We do the Naked Baby Dance at home, of course, but we also do it when we are away. The Naked Baby Dance has happened in hotels and in houses of friends or family where we have spent the night. We live in Brooklyn, New York, but last spring as COVID-19 cases rose and my anxiety rose with them, we took a break from our apartment. We spent a few months in a rented house in western Massachusetts with a yard where I wasn’t afraid to let my little girl go outside. Then we drove to stay with my parents and later with my in-laws. We felt privileged but torn about our choice to leave the city. Living in this nomadic style meant we had to choose what belongings to take with us based on what would fit in the car.
But the Naked Baby Dance always came along.
My husband and I were raised in houses with different levels of comfort with nudity.
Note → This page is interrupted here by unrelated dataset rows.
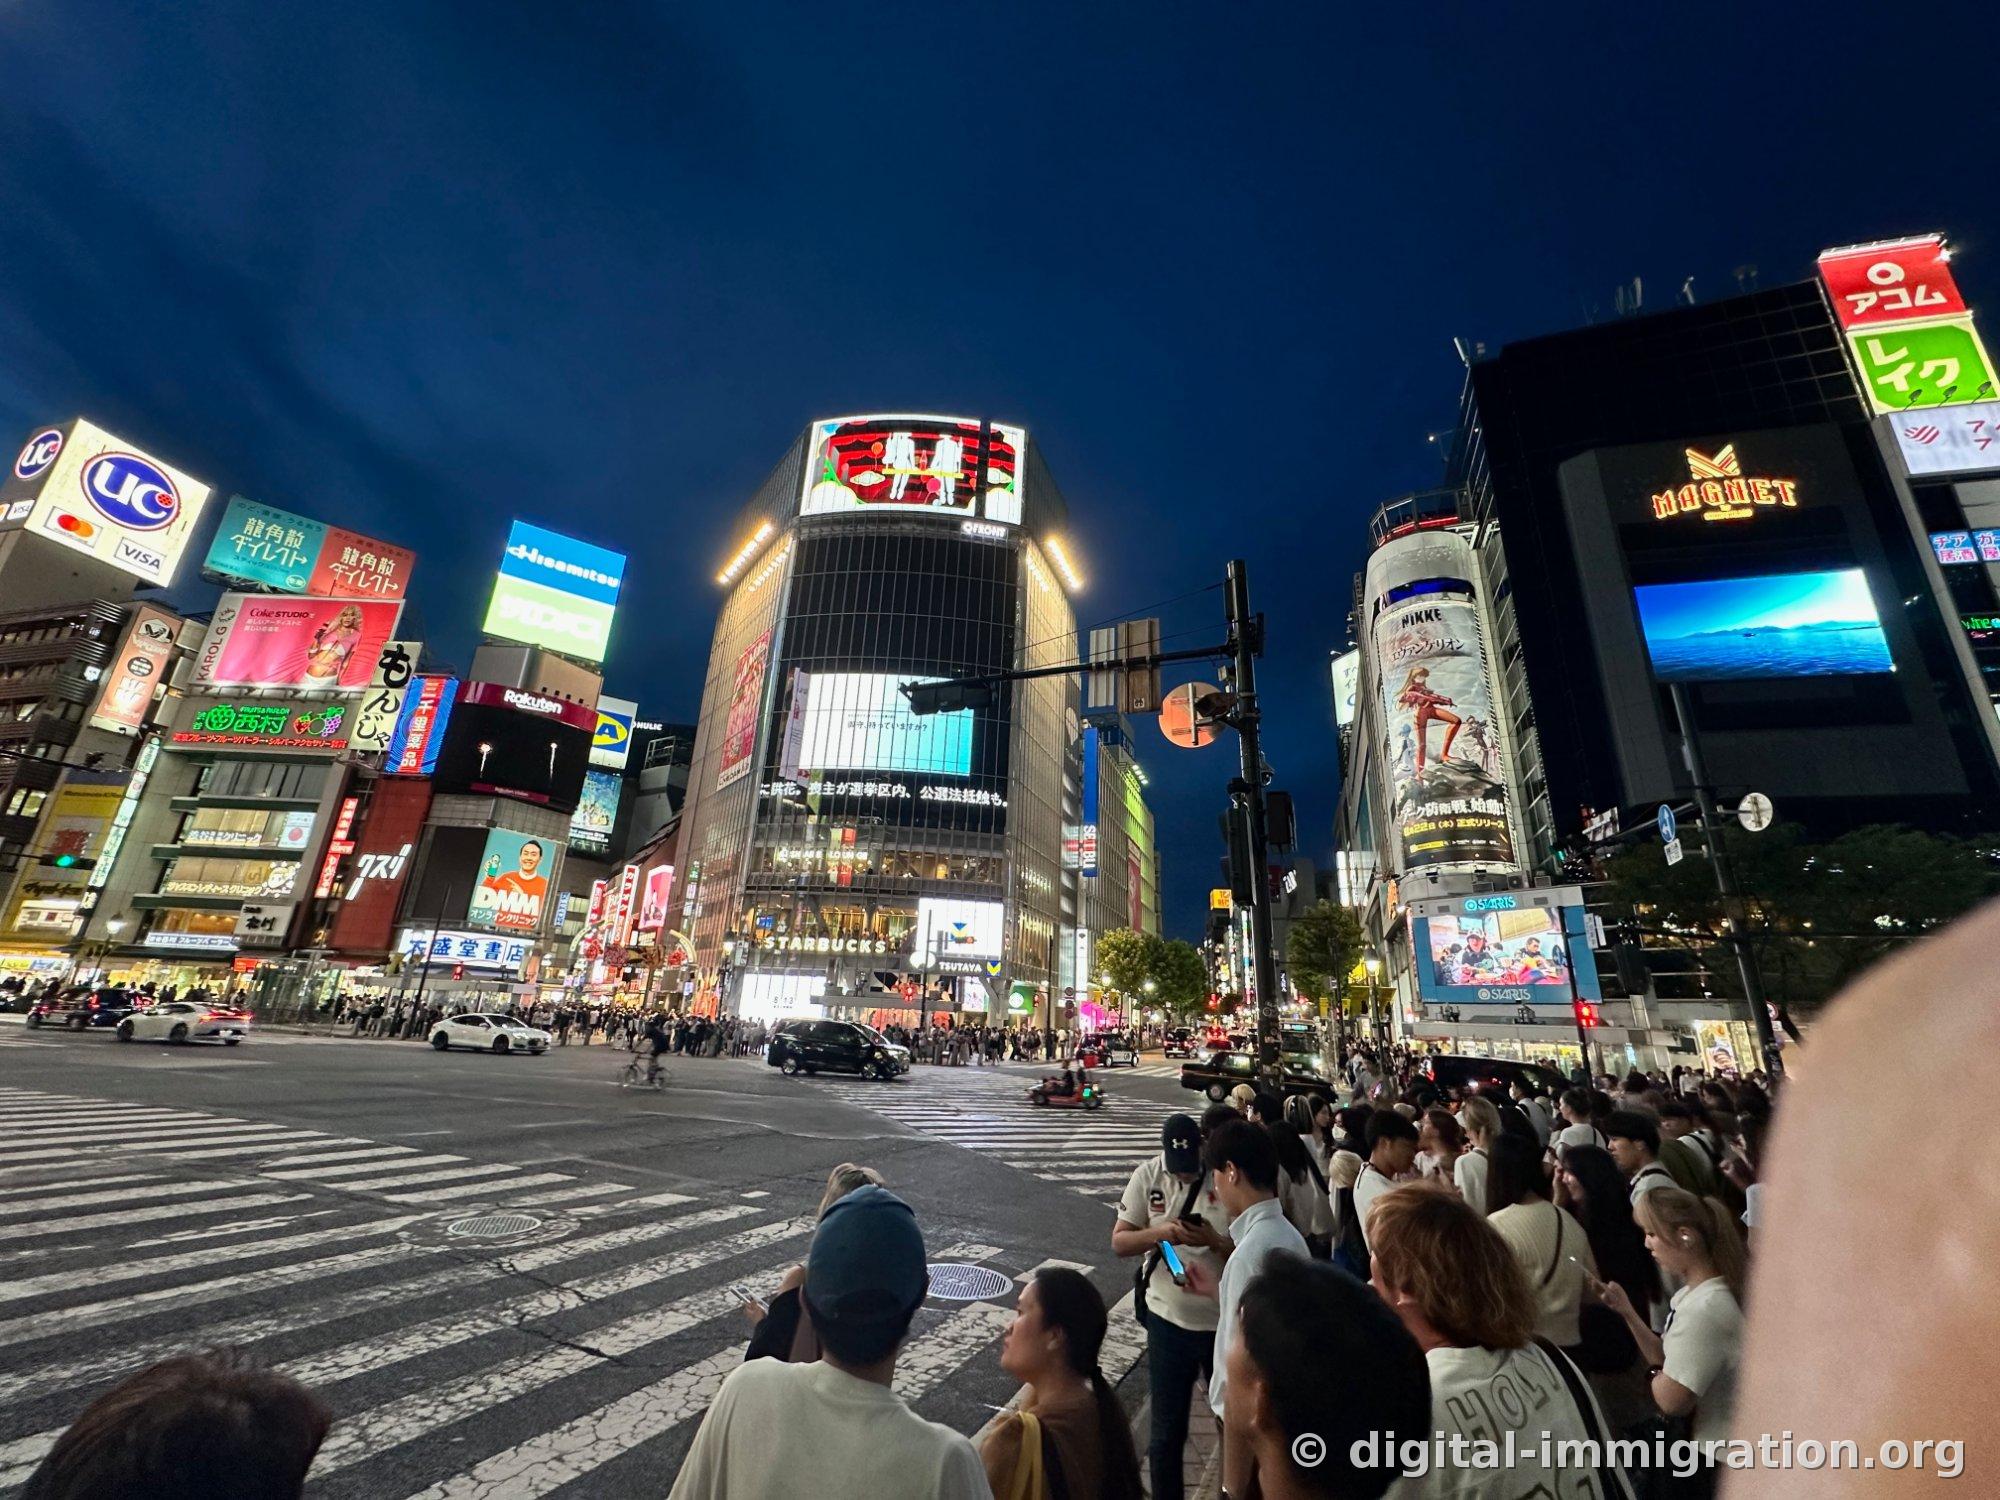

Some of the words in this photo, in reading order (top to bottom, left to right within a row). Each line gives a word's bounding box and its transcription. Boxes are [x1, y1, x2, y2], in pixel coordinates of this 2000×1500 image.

[1846, 285, 1947, 316] アコム
[1866, 339, 1960, 392] レイク
[93, 459, 173, 519] UC
[1651, 478, 1798, 520] MAGNET
[243, 517, 305, 550] 龍角散
[123, 543, 160, 570] VISA
[340, 547, 396, 576] 龍角散
[250, 608, 275, 619] Coke
[274, 610, 309, 619] STUDIO
[1401, 608, 1442, 629] NIKKE
[197, 638, 223, 681] KAROL
[215, 626, 228, 637] G
[357, 643, 412, 748] もんじゃ
[504, 689, 563, 715] Rakuten
[233, 713, 287, 733] 西村
[472, 885, 540, 917] DMM
[1477, 896, 1516, 910] STARTS
[470, 909, 538, 926] オンラインクリニック
[764, 935, 887, 953] STARBUCKS
[939, 961, 982, 972] TSUTAYA
[1490, 988, 1531, 1000] STARTS
The family lore is that I was naked until I was five and had to go to kindergarten. My parents casually changed and showered in front of my sister and me. My husband’s family preserved public nudity for the very young and restricted it to zones like the bathroom. Now, when we go to their house, we respect this difference and wrap our daughter in a towel to travel from the bathroom to her bedroom before starting the dance.
I don’t know how long the Naked Baby Dance will be a part of our lives. At three, there are precious few spaces left where she allows the moniker “baby” to be applied. Sometimes, already, she prefers to perform a “Naked Dinosaur Dance” as her pre-pajama ritual. There was a week or so a few months ago when she didn’t dance at all. She’d come through the living room cheerful, and decline the invitation politely before going to start the rest of her bedtime rituals. We thought it was done for, that she’d outgrown it. We mourned privately together, but didn’t pressure her. And then, just as suddenly as it had stopped, it started up again.
I know it can’t last forever. Presumably she will not be dancing naked nightly in the living room as she enters middle school. I will miss it when it’s gone, though.
The Naked Baby Dance encompasses all of my favorite parts of toddlerhood. It is both silly and sincere. She is entirely unselfconscious while dancing and thrilled with every wild dance move she invents. When she was brand new, I used to look at her tiny baby form and think about how much I’d miss her when she grew into a new, bigger person. I could not have imagined that person dancing nude nightly in my living room.
I still have flashes of anticipatory nostalgia—I will miss this naked dancer when she inevitably ages into someone with more modesty, who will likely not want to do a naked performance for her parents each evening—but I try to lean into my this current moment. For now, around 7pm each night, you will find me on my sofa singing the Naked Baby Song for my little dancer.
Martha F. Quinn is a writer and educator living in Brooklyn, NY with her husband and occasionally-clothed toddler.